Cubans queue to apply for tourist visas to visit the US at the American Interests Building in Havana. Photograph: Meredith Kohut/New York Times
Cubans queue to apply for tourist visas to visit the US at the American Interests Building in Havana. Photograph: Meredith Kohut/New York Times

When foreign ministers from the 21 republics that then made up the Organisation of Americas States (OAS) gathered in the Uruguayan beach resort of Punta del Este in January 1962, US secretary of state Dean Rusk had just one goal: the expulsion of Cuba from the organisation.

Washington’s stand-off with the new communist regime across the Florida Straits was just months away from the missile crisis and Rusk was determined to isolate this new revolutionary foe.

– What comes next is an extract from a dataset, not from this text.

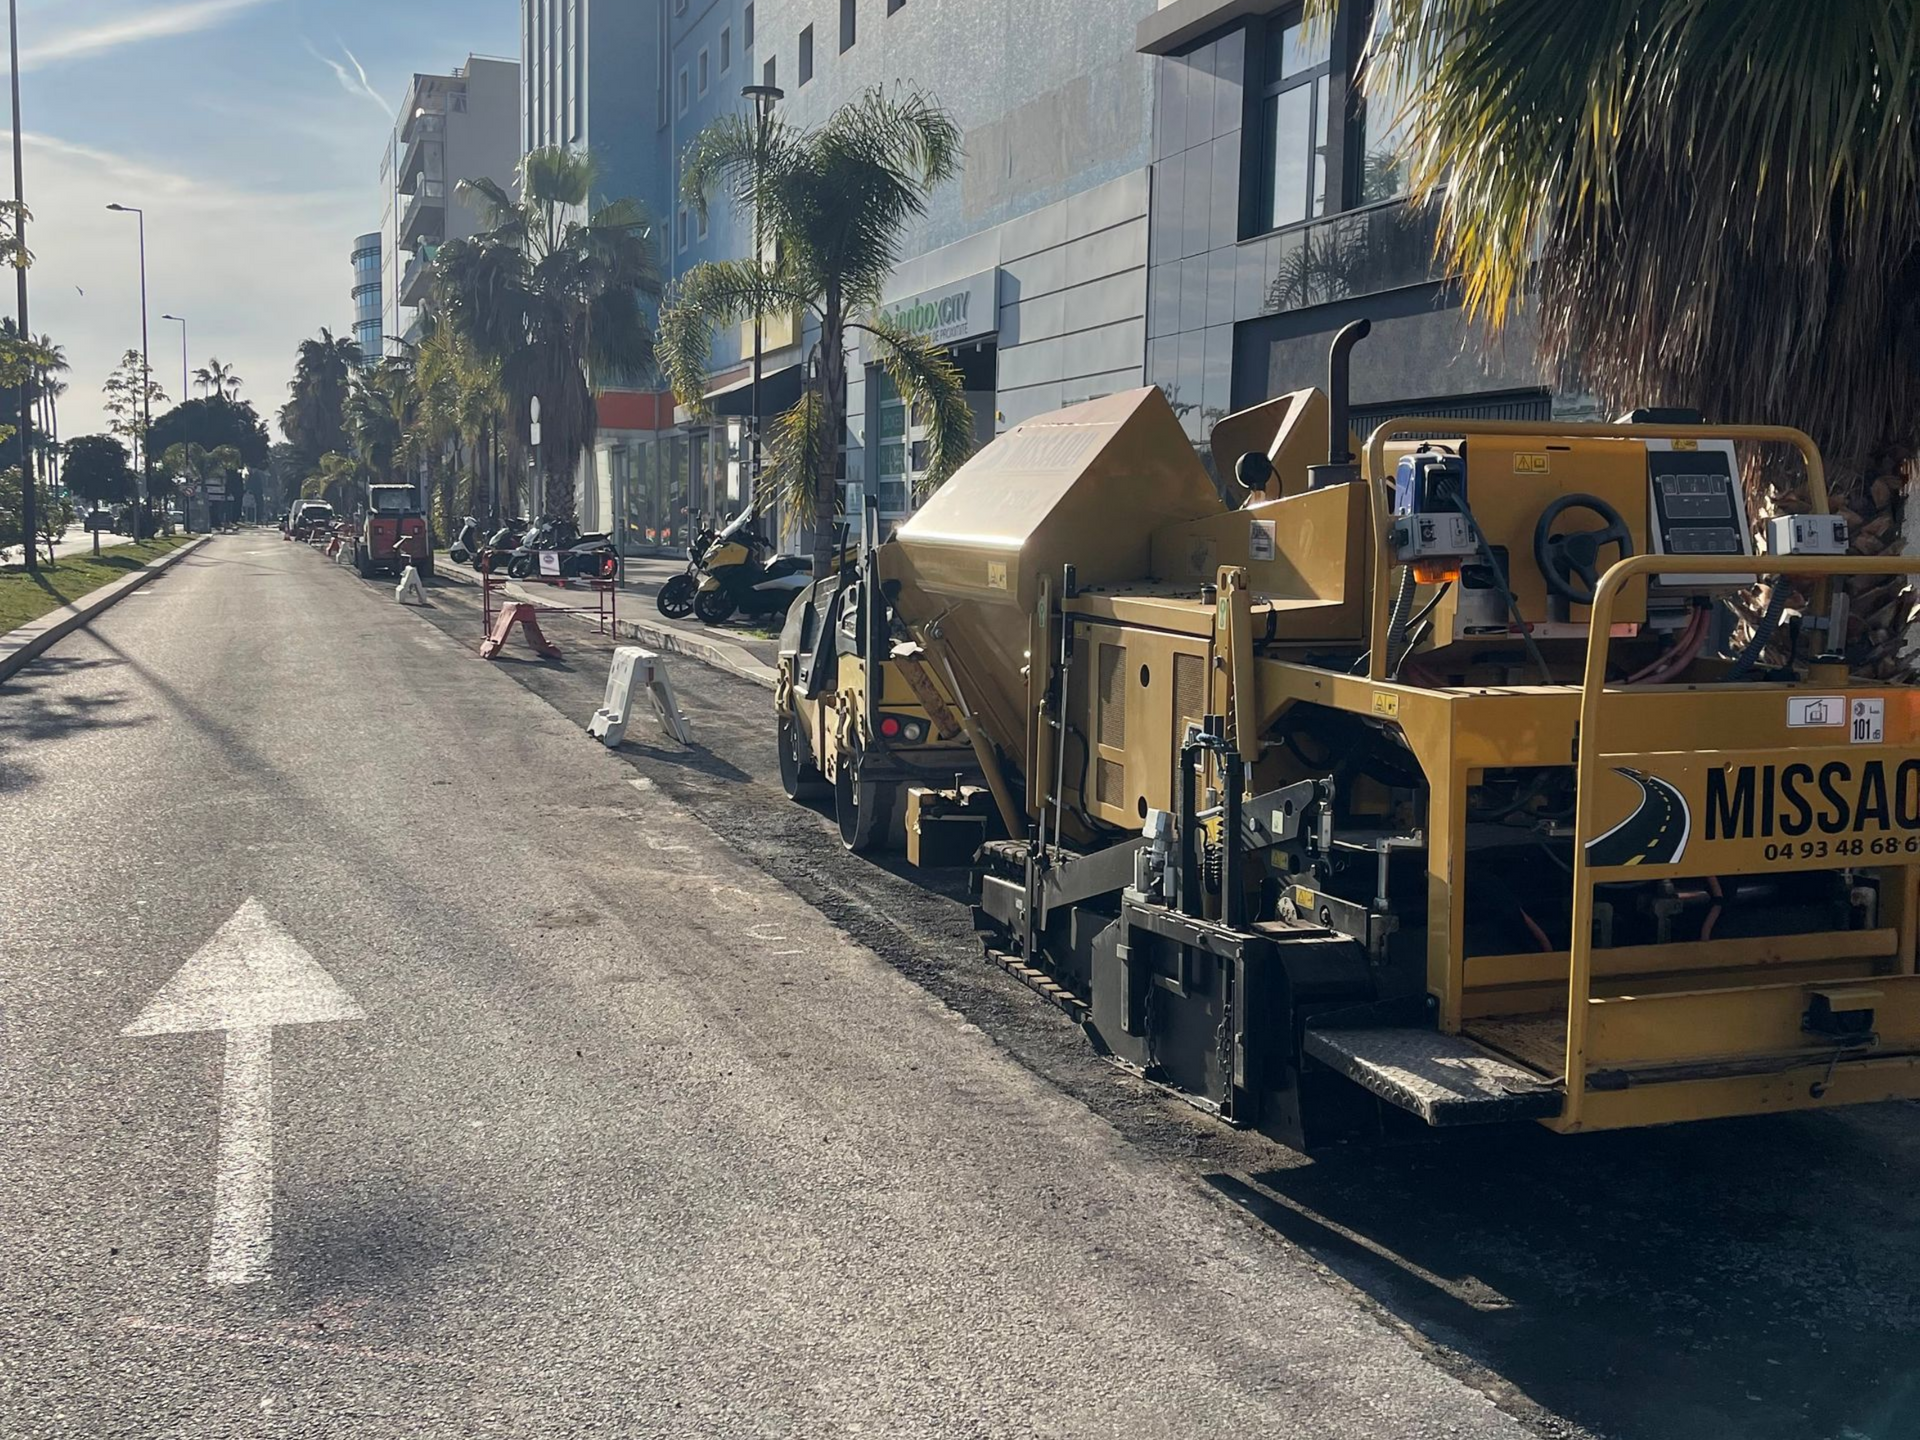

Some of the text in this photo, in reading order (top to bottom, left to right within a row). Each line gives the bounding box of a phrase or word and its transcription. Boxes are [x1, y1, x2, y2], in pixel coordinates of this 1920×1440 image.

[1853, 718, 1871, 740] 101
[1763, 836, 1920, 861] 04 93 48 68 6

Many regional heavyweights were opposed to the move, sensitive as they were to any hint of US interference in the internal affairs of its neighbours. Even so, none dared join Fidel Castro’s top diplomat in voting against expulsion. Instead Argentina, Bolivia, Brazil, Chile, Ecuador and Mexico abstained, and Rusk had the votes he needed to kick the Cubans out.

But the days are long gone when the OAS was the diplomatic expression of US dominance across the western hemisphere.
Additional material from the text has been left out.